The parties had resided in Cleveland, Ohio. When they separated, Father moved to Pennsylvania to live with his parents. The parties were divorced in 2012, and Mother moved to Pennsylvania in July 2013, as contemplated by their Shared Parenting Plan.[2] Mother filed a motion to register the foreign custody order in Lawrence County, Pennsylvania, and on May 8, 2014, the trial court granted that motion.[3] See 23 Pa.C.S.A. § 5445. Mother simultaneously filed a motion to modify custody, claiming the Ohio court inappropriately granted Father sole legal custody of the children and inappropriately granted the parties shared physical custody of W.S. Mother claimed the Lawrence County Court was the proper venue for her to pursue custody as both parties currently live in Lawrence County. See Motion to Modify Custody, 5/9/14.

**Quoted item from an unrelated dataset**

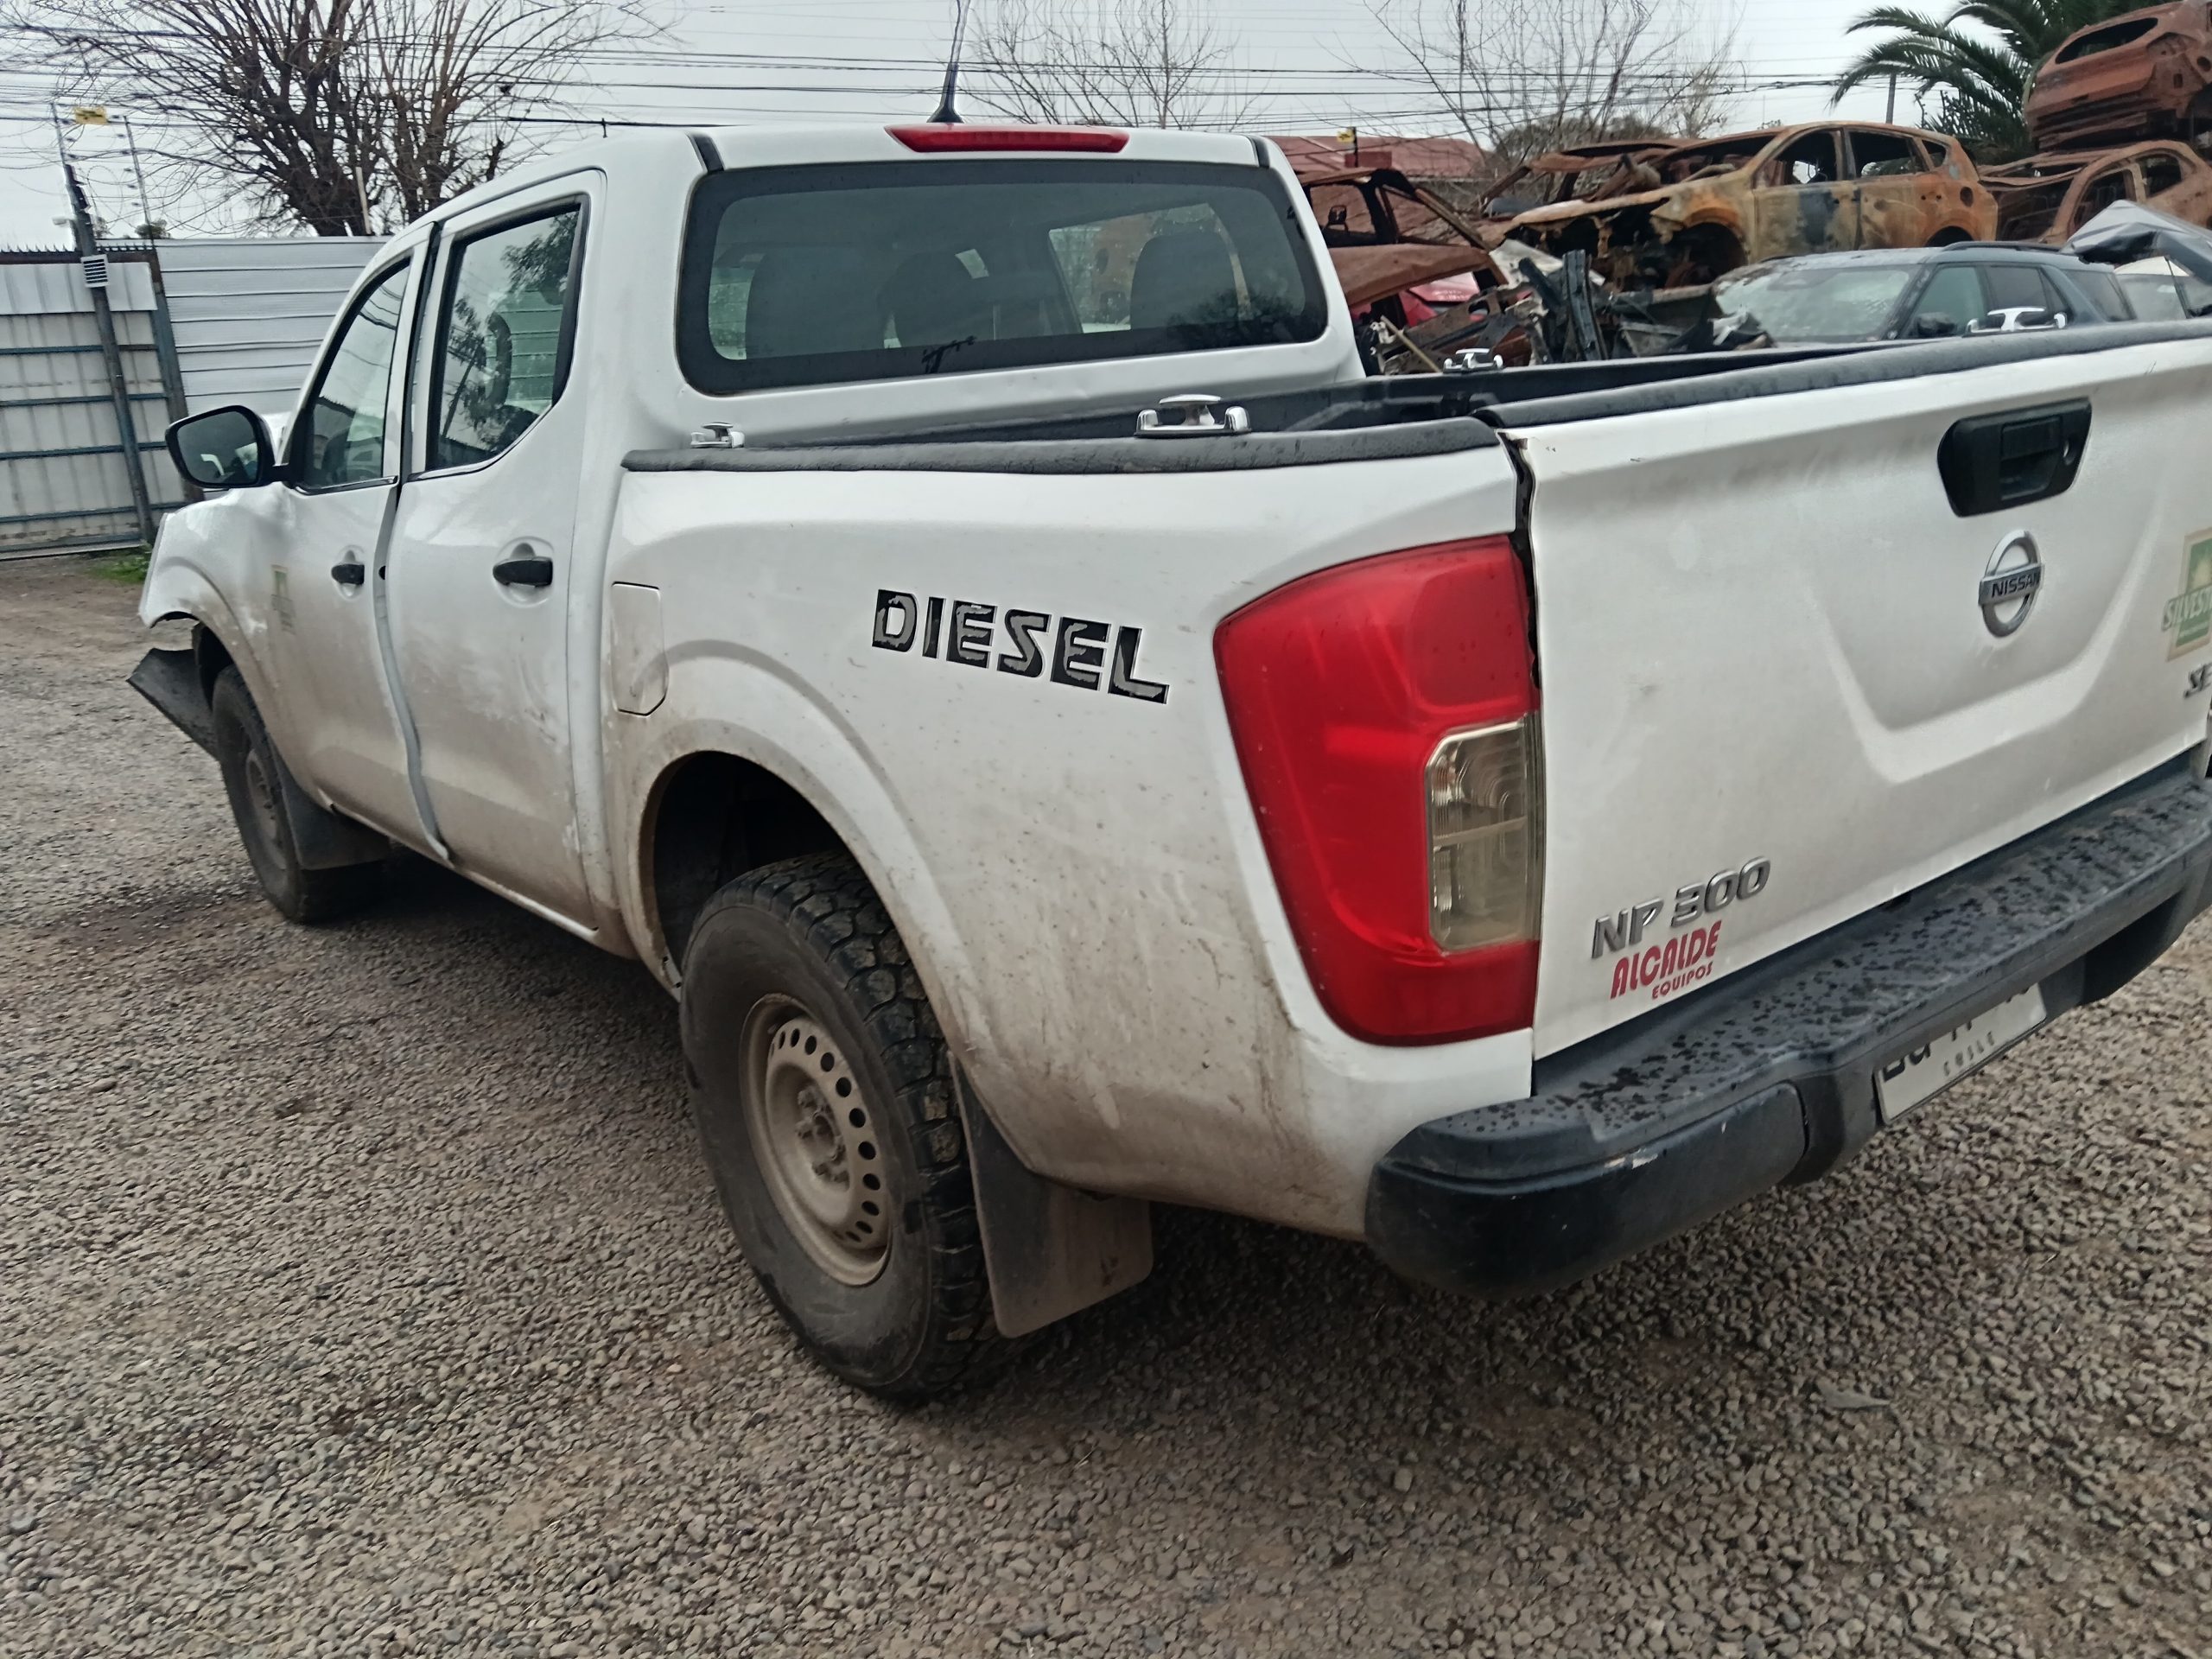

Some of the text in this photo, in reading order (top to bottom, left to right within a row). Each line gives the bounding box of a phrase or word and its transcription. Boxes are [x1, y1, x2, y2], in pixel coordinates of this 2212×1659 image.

[872, 589, 1169, 704] DIESEL
[1592, 855, 1771, 959] NP 300
[1652, 961, 1713, 1000] EQUIPOS

Father opposed this motion, filing a Motion to Decline Jurisdiction under the Uniform Child Custody Jurisdiction Enforcement Act (" UCCJEA" ), 23 Pa.C.S.A. § 5423,[4] on June 4, 2014.

The trial court entered an order declining jurisdiction and directing that the order of the Cuyahoga County Court in Ohio remain registered in Lawrence County and enforceable as an order of the Lawrence County Court. The Lawrence County Court concluded it would not assume jurisdiction over the case until the Cuyahoga County Court issued an order that relinquished jurisdiction.[5] See Order, 6/4/14.

Page 355

On June 24, 2014, Mother filed a petition for special relief. Mother averred that a custody exchange had occurred between the parties' nannies, and that Mother's nanny observed W.S. limping and, after examining his foot, noticed swelling and bruising on his foot as well as his leg. Subsequent x-rays revealed a fracture to the child's foot, which required casting. See Petition for Special Relief, 6/24/14, at ¶ ¶ 6-11. Mother sought primary custody pending a full hearing on custody. Id. at ¶ ¶ 17.[6]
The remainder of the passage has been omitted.